There is little more elusive than the meaning of the female principle in Jacqueline Rose’s thought, but if I were to choose a word for it, it would be “boundless”—a word that goes either way. In her 2014 book Women in Dark Times, she argues that “women have a unique capacity to bring the dark side of the unconscious, of history—whatever is bleeding invisibly beneath—to the surface of our lives,” something she sees as “both a gift and a task.” (You could call it an inheritance.) Plath, Woolf, Rosa Luxemburg, Marilyn Monroe, Charlotte Salomon: women particularly gifted with intelligence, alterity, and spirit, and tasked with psychic depth and solicitude.
Sabina Spielrein—intense, strangely attractive, a little mad, altogether hard to get to know, irrepressible and at the same time ill with fate—is the perfect Roseian subject, making it odd that Rose only seems to know of her. Rose’s 1999 essay “Freud in the Tropics,” about the origins of the split between Jung and Freud, briefly cites a letter the master wrote to his protégé after hearing Spielrein present her first paper—“Destruction as the Cause of Coming Into Being”—at the Vienna Conference in 1911: Spielrein, said Freud, is “abnormally ambivalent.” He rejected the paper’s premise, saying that “her destructive drive is not much to my liking because it is personally conditioned.” Freud and Jung’s letters were published in 1974. Three years later, a box containing Spielrein’s letters, diaries, and papers was discovered; I wish it had been delivered to Rose’s doorstep. Freud, in the letter at hand, speaks of the very paper in which the precedent to his conception of the death drive lies, since with its presentation Spielrein becomes the first person to enter the phrase “death instinct” into the annals of psychoanalysis. Ironies abound: it’s funny to hear that her theories are “personally conditioned” from the man who rewrote the myth of the primal father and his sons every time he felt betrayed by Jung and/or Adler. (“I thank Professor Freud for the information that circumcision is a symbol of castration,” reads a note at the end of Spielrein’s paper. I hope she is being very dry.)

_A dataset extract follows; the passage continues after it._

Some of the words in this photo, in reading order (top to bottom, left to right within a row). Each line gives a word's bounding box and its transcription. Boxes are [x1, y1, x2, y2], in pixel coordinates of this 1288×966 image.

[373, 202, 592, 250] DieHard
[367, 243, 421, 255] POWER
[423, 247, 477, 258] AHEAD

After Spielrein’s presentation, a period of comment ensued during which none of the men present evinced much appreciation of her points; most of them took the floor to reiterate their own ideas about death and life. One, Dr. Friedjung, made a statement that was remotely apprehensive, calling the paper “an attempt to find a scientific consolation for the fear of death.” It was on this point that Dr. Frau Stegmann, the only woman present, defended Spielrein. Per the meeting notes, Stegmann said,
during the course of the discussion the term “life” was not always used in the same sense; one must keep separate the personal and the universal (cosmic) life. The death wish makes its appearance as the wish to give oneself to the universe. The fear of love is fear of the death of one’s own personality. Love is indeed to be regarded as a transition from the small individual to the great cosmic life.
Freud spoke last, addressing himself not to Spielrein but to the specter of Jung. It was her mentor’s and lover’s—that is to say, Jung’s—fault that she misread, apparently, the story of creation in the book of Genesis. Freud was annoyed that she had “attempted to base the theory of instincts on biological presuppositions (such as the preservation of species).” Spielrein took the floor again to respond, apologizing for all the confusion and seeking to clarify that, for her, sexual instincts belong to “the drive for transformation.”

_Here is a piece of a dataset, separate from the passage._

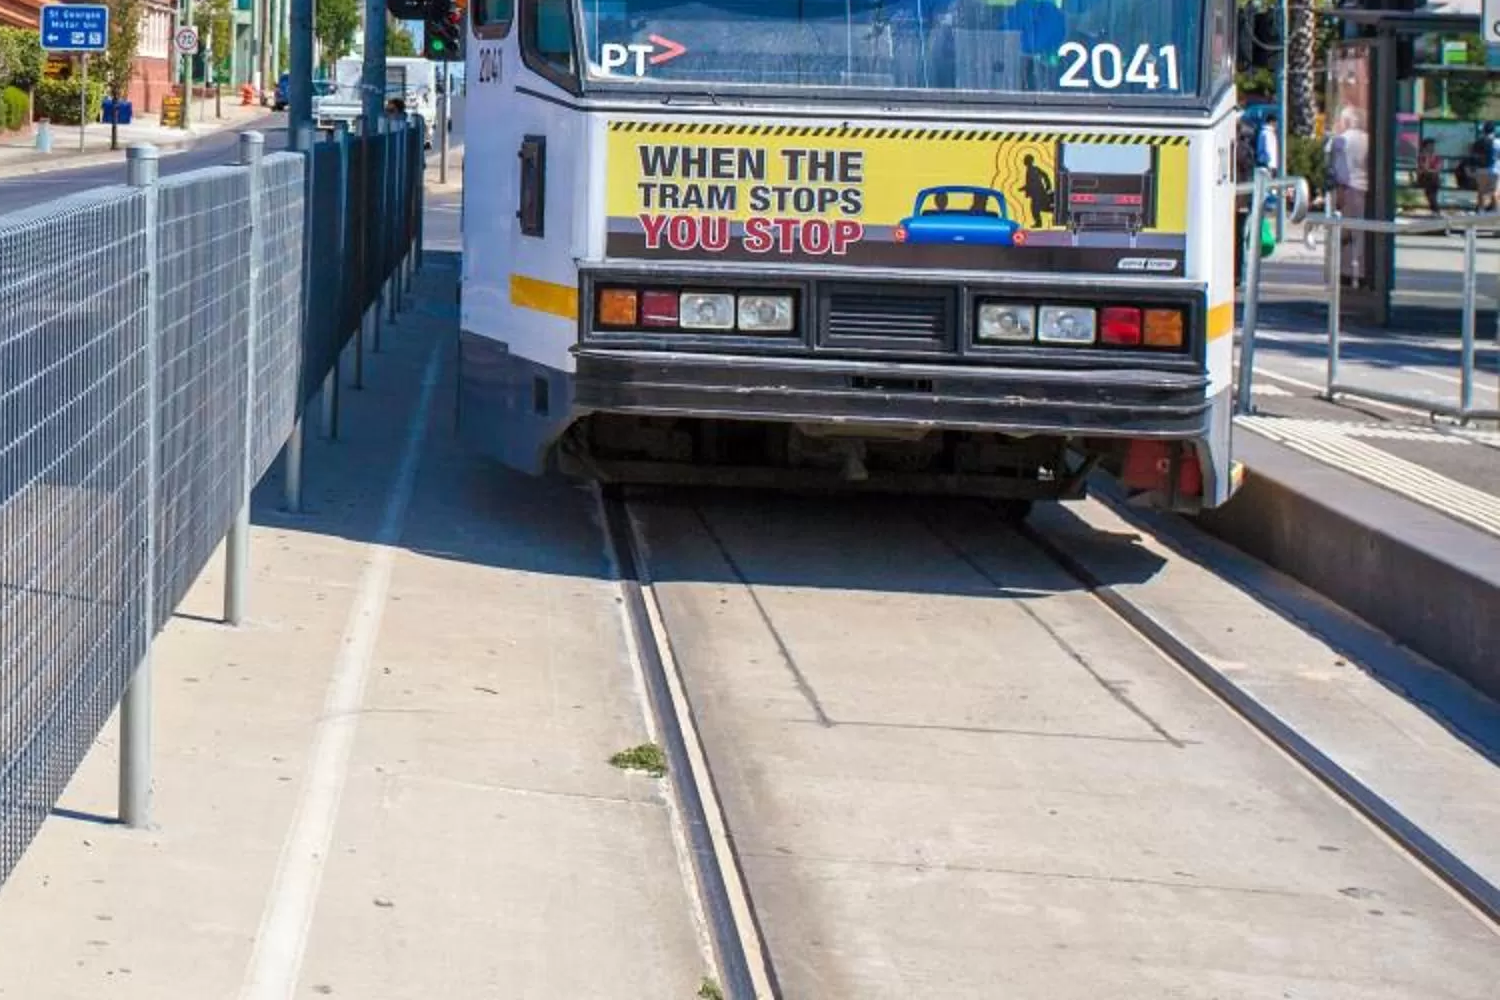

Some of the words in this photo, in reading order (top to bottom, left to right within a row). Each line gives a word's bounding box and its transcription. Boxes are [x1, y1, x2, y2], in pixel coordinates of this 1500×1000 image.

Freud had distinguished between the two kinds of preservation before. In his 1909 study of the Dr. Schreber case, he wrote that “the individual has a double orientation, aiming on the one hand at self-preservation and on the other at the preservation of the species.” Yet he had never fed one into the other, as Spielrein wantonly did. As for “the drive for transformation,” had Freud possessed an inkling toward such a thing, he might have read into the case of Schreber—who woke up one day dreaming about having sex as a woman—an enlarging difference. Freud wrote that Schreber was half-asleep, and that this fantasy would have been “rejected with the greatest indignation if he had been fully conscious.” Schreber (in the diaries Freud studied) wrote only of being in bed, adding in parentheses: “whether half asleep or already awake I cannot remember.” But there is no question that the famed schizophrenic was awake when being penetrated all over by “female nerves or nerves of voluptuousness,” as he (“he”) beautifully put it. Freud’s diagnosis of repressed homophobia, which he held to be co-morbid with paranoia, probably would not have helped Schreber’s thinking; it might have helped Spielrein’s. If the preservation of the self opposes—or is at odds with—the preservation of the species, then having sex with a man as a man is a self-preserving activity, whereas doing it as a woman is not.
Putting death in the mouth of pleasure takes female nerve, and it may also take one kind of female experience. Remember “the wish to give oneself to the universe.” That the only other person at the Vienna Conference who seemed to grasp what Spielrein was talking about was also the only “Frau” in the room is not a merely sweet instance of solidarity, nor is it incidental that Dr. Frau Stegmann was also, later, in the 1920s, the only member of the Reichstag to argue for legal abortion as a means of bodily—rather than population—control. Only someone at risk of being pregnant could conceive of a death instinct as being conjoined to sexual anxiety and to sacrificial love. Spielrein in 1911 was still a “Fraulein.” When she wrote that “self-destruction can be replaced by sacrificial destruction,” she was being, perhaps, too wishful.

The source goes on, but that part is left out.